Upon an appeal by the applicant, in a final judgment of 2 October 2006 the Sofia City Court upheld the District Court ’ s findings. It noted expressly that in ordering measures against Word of the Life and the search of the applicant ’ s flat the prosecution authorities had acted pursuant to Article 185 of the Code of Criminal Procedure.
B. Relevant domestic law and practice
The relevant domestic law and practice concerning freedom of religion, the activities of unregistered religious organisations, searches and seizures and the prosecution ’ s power to order measures for the prevention of crime had been summarised in the Court ’ s judgment in the case of Boychev and Others v. Bulgaria (no. 77185/01 , §§ 25-26 and 31-38, 2 7 January 2011).
COMPLAINTS
1. The applicant complains under Articles 8 and 9 of the Convention that the measures taken against her, namely her questioning by the police, the search and seizure and the warning order, interfered with her rights to private life and to manifest her religious beliefs. She considers that the measures were not in accordance with the law and that, in any event, they were not necessary as there was no risk of the commission of an offence. She argues that the measures against her were driven by intolerance towards minority religious groups. The applicant also complains under Article 13 of the Convention that she had at her disposal no effective domestic remedies in relation to the complaints above.
2. The applicant also complains under Article 6 § 1 of the Convention that the civil proceedings she was a party to were excessively lengthy.
QUESTIONS TO THE PARTIES
1. Did the events of 27 September 1995 amount to an interference with the applicant ’ s freedom of religion, within the meaning of Article 9 § 1 of the Convention? If so, was that inte rference prescribed by law (see Boychev and Others v. Bulgaria , no. 77185/01 , § 45-53, 2 7 January 2011)? Did it pursue a legitimate aim and was it necessary , as required under Article 9 § 2? In particular, did the prosecutor ’ s decision of 13 May 1994 contain sufficient and adequate reasoning justifying restrictions to the activities of Word of the Life (see, mutatis mutandis , J ehovah ’ s Witnesses of Moscow v. Russia , no. 302/02 , §§ 108-160, 10 June 2010)?
2. Did the facts complained of also breach the applicant ’ s right to private life, as guaranteed under Article 8, and the right to freedom of assembly and association, as guaranteed under Article 11 of the Convention?

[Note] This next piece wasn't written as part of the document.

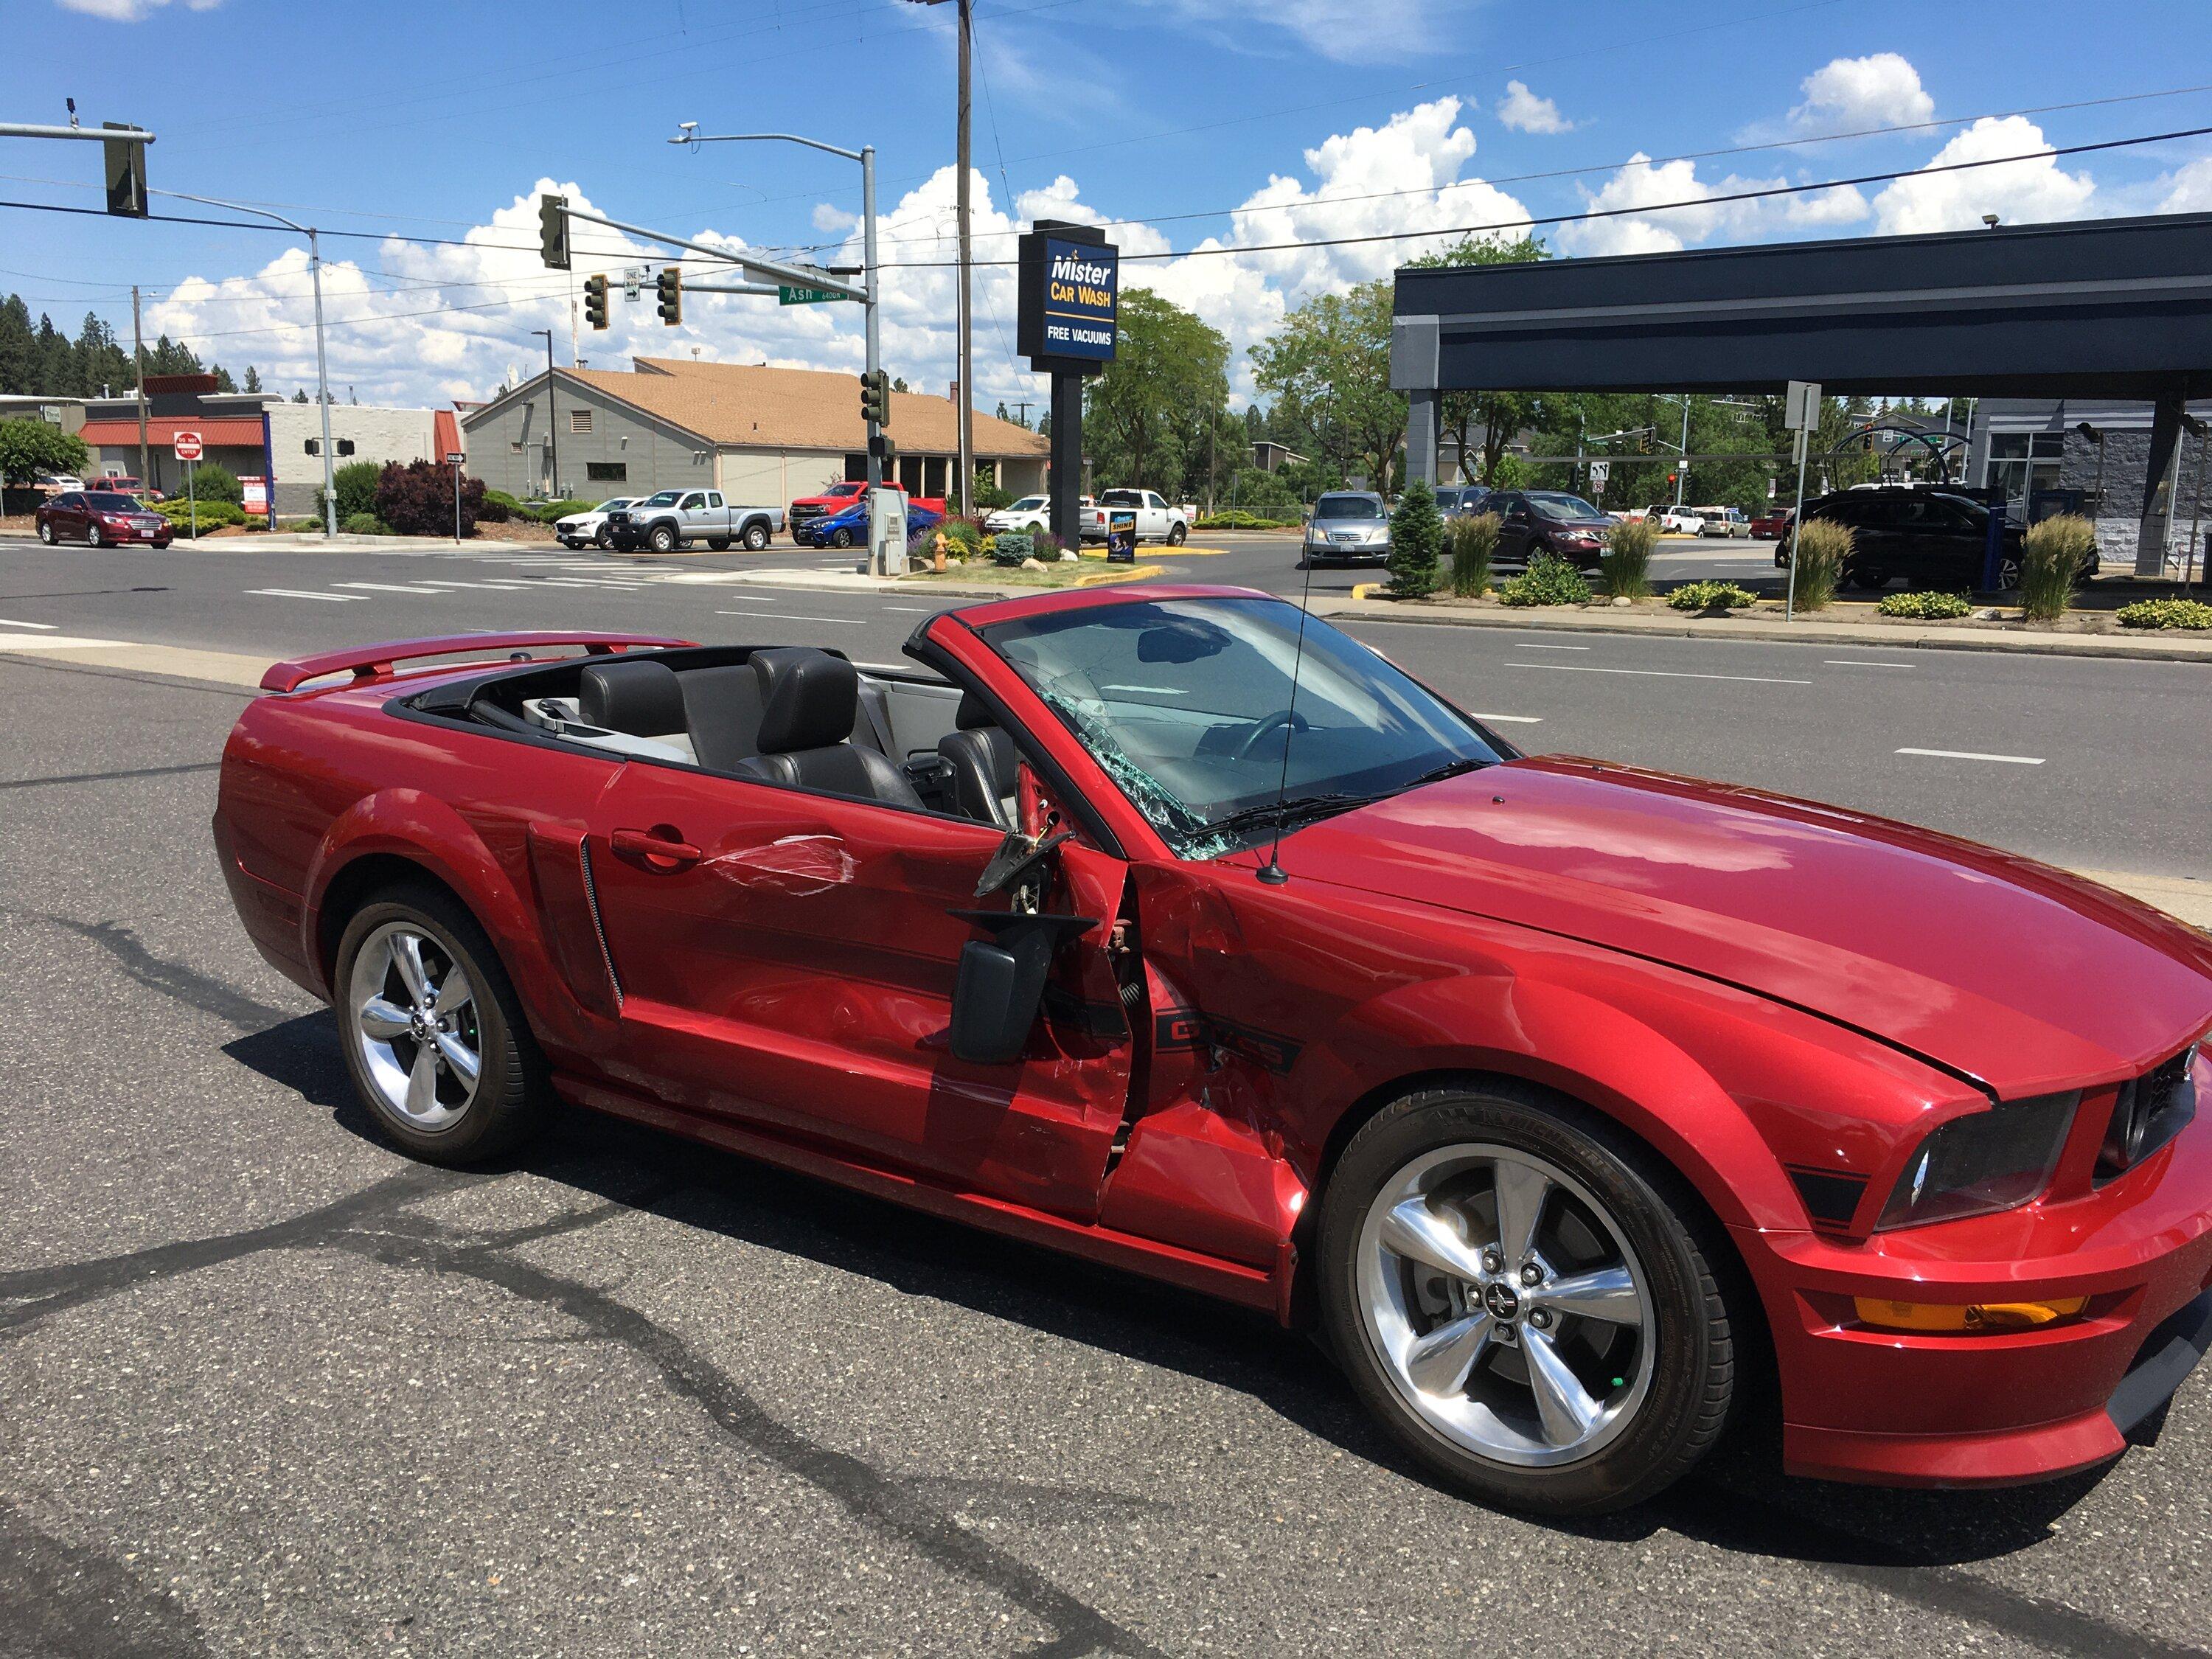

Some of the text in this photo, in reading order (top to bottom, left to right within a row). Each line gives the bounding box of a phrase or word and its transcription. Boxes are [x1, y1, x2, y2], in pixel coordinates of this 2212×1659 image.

3. Did the applicant have at her disposal an effective domestic remedy for the complaints under Articles 8, 9 and 11, as required by Article 13 of the Convention (see Boychev and Others , cited above, §§ 54-58)?
4. As concerns the complaint under Article 6 § 1 of the Convention about the length of the civil proceedings, has the applicant exhausted all effective domestic remedies (see the communicated cases of Balakchiev and Others , application no. 65187/10, and Valcheva and Abrashev , applications nos. 6194/11 and 34887/11)? If so, was the length of the civil proceedings initiated by the applicant in breach of the “reasonable time” requirement of Article 6 § 1?